In the study, 55 percent of participants said they believed acne was caused by poor hygiene and 50 percent thought it was contagious. Over a third (37.5 percent) thought acne outbreaks were related to diet. Those beliefs are mistaken.

A Common Condition

“Acne is a very common condition, but it seems that many people don’t have a good understanding of it,” said study author Alexa Boer Kimball, MD, in an AAD press release. Kimball is director of the Clinical Unit for Research Trials and Outcomes in Skin and a professor of dermatology at Harvard Medical School. “People are making incorrect assumptions about acne, and it’s affecting their opinion of patients with this condition.”

“The study confirmed what people knew – just how devastating acne is for people, no matter what age it occurs,” said Dr. Barnett, who is affiliated with Falmouth Hospital. “It can be life-altering and socially isolating.”

Acne affects up to 50 million Americans each year, according to the AAD.

“Everyone has some starting in adolescence,” said Dr. Barnett. “The hormones making other body changes kick in.”

There is Treatment for Acne

One of the main causes of acne is an increased production of sebum (an oily substance secreted by the skin’s sebaceous glands). Dr. Barnett said acne can be worsened by occlusions (blockages of pores) from wearing a baseball cap backwards or heavy makeup or from working over oil and heat.

“People can think someone with acne is unclean, but you can wash blackheads 17 times a day and it won’t go away,” said Barnett. “The whole issue of food is becoming of more interest. Maybe milk has hormones in it that stimulates acne, but there’s no evidence across the board that diet is a factor.”

For mild acne, over-the-counter cleansers, creams, lotions and gels can make a difference by reducing the amount of oil and bacteria in the pores, she said.
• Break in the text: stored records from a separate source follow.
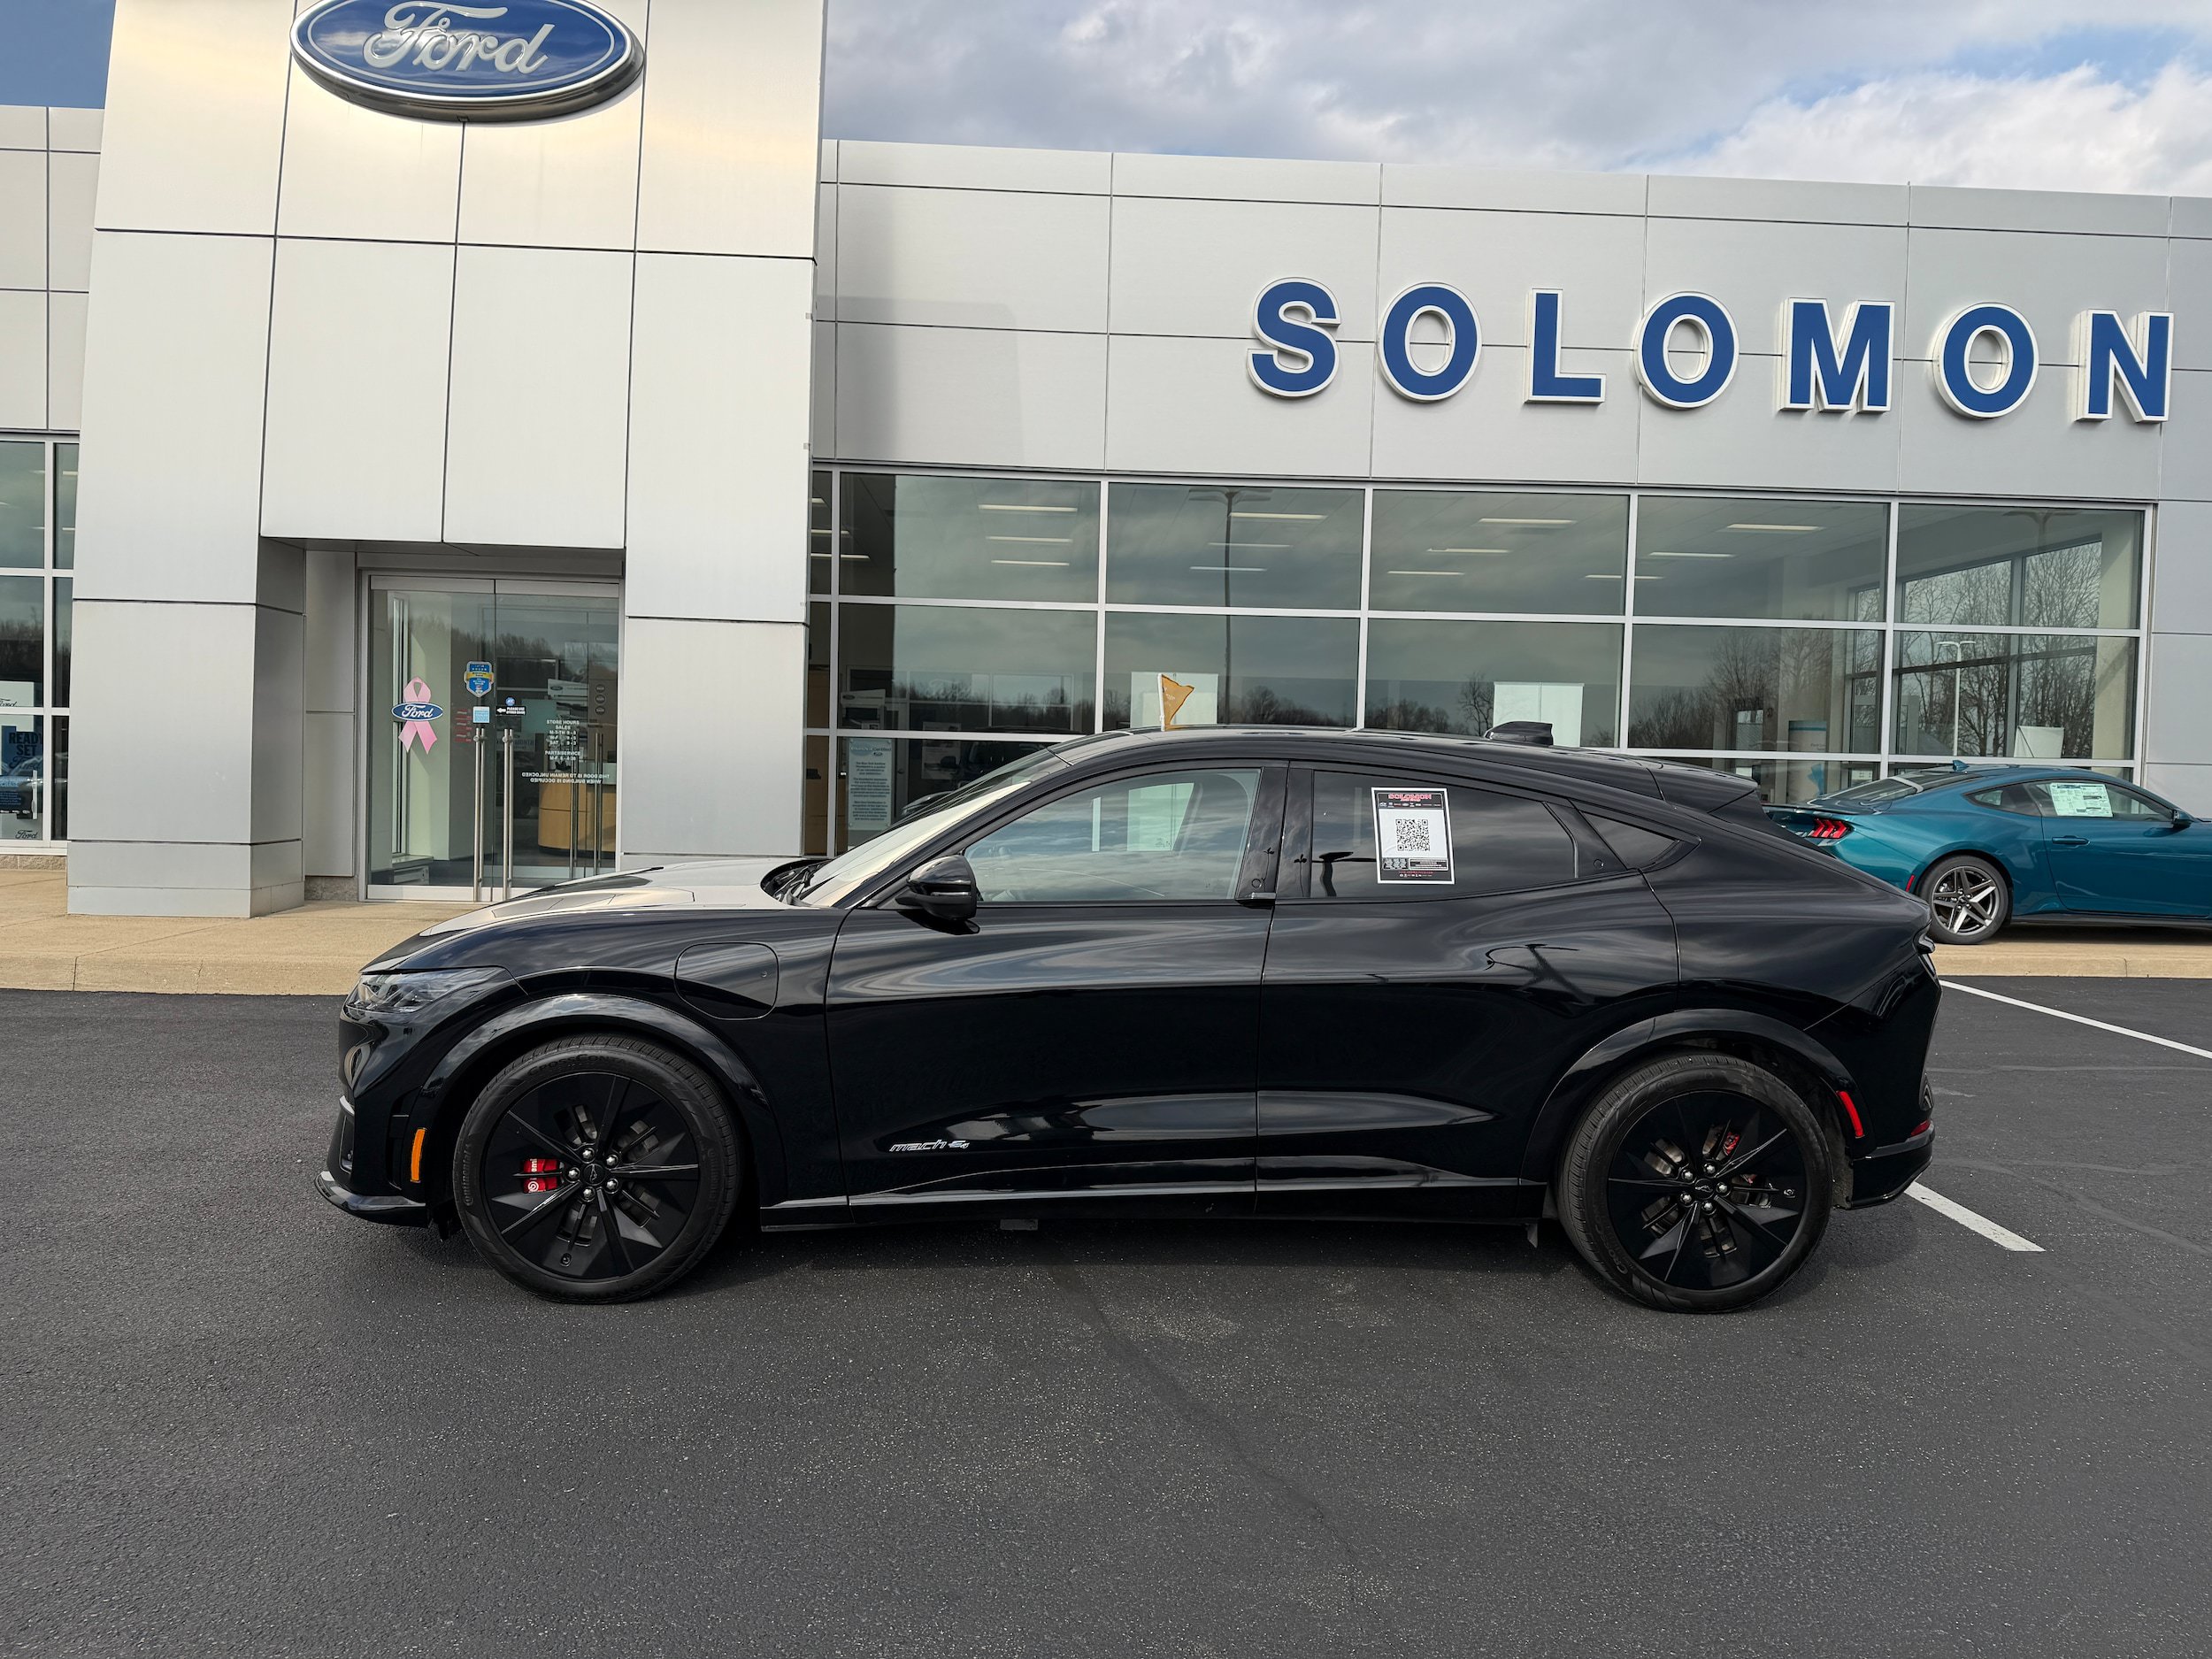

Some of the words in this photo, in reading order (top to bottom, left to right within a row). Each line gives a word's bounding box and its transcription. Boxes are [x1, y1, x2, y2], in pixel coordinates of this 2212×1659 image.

[363, 1, 555, 74] Ford
[1247, 277, 2173, 422] SOLOMON
[402, 704, 434, 718] Ford
[16, 745, 36, 757] SET
[15, 830, 37, 839] Ford
For severe acne, the best treatment is a combination of topical exfoliants and anti-inflammatory medicines, along with oral antibiotics.
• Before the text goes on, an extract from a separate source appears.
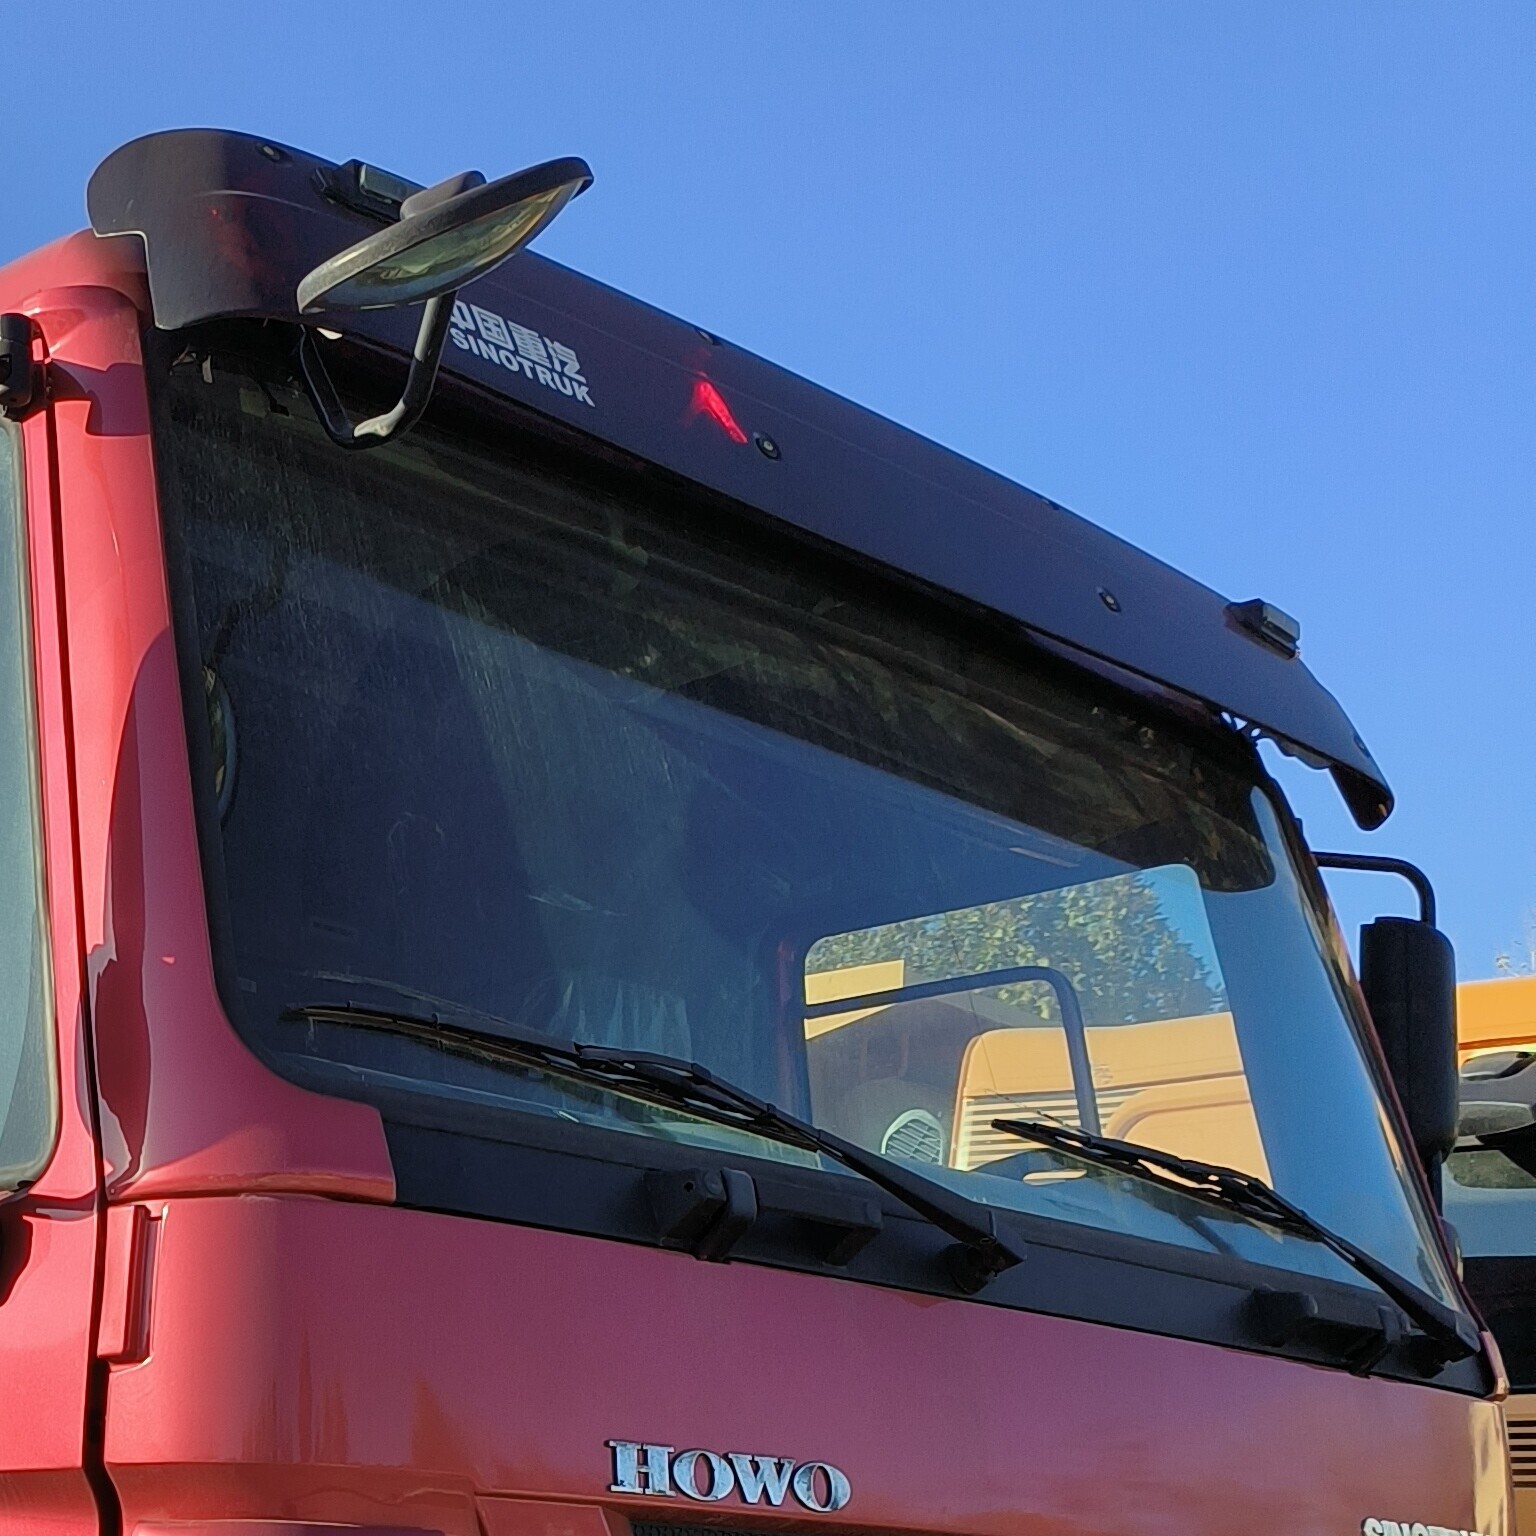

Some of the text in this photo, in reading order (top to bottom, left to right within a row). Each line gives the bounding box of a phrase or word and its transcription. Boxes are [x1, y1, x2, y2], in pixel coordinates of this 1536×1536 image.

[449, 328, 596, 408] SINOTRUK
[450, 300, 587, 385] 中国重汽
[606, 1440, 853, 1513] HOWO
“The severe acne that’s tougher to treat is more jarring to people,” said Dr. Barnett. “People have less experience with it, so there’s less empathy. They may ask, why isn’t somebody doing something about that?

“People who are struggling with control of acne are doing something about it. They are cleaning their face. They are not contagious.

“It’s hormones and genetics, and sometimes it takes a while to find the right combination that works.”

Unkind comments can be very hurtful for people with acne, Dr. Barnett added.

“It’s your face and it’s right out there,” she said. “When it happens in adolescent years, it can really set a tone for body image and mental health issues.”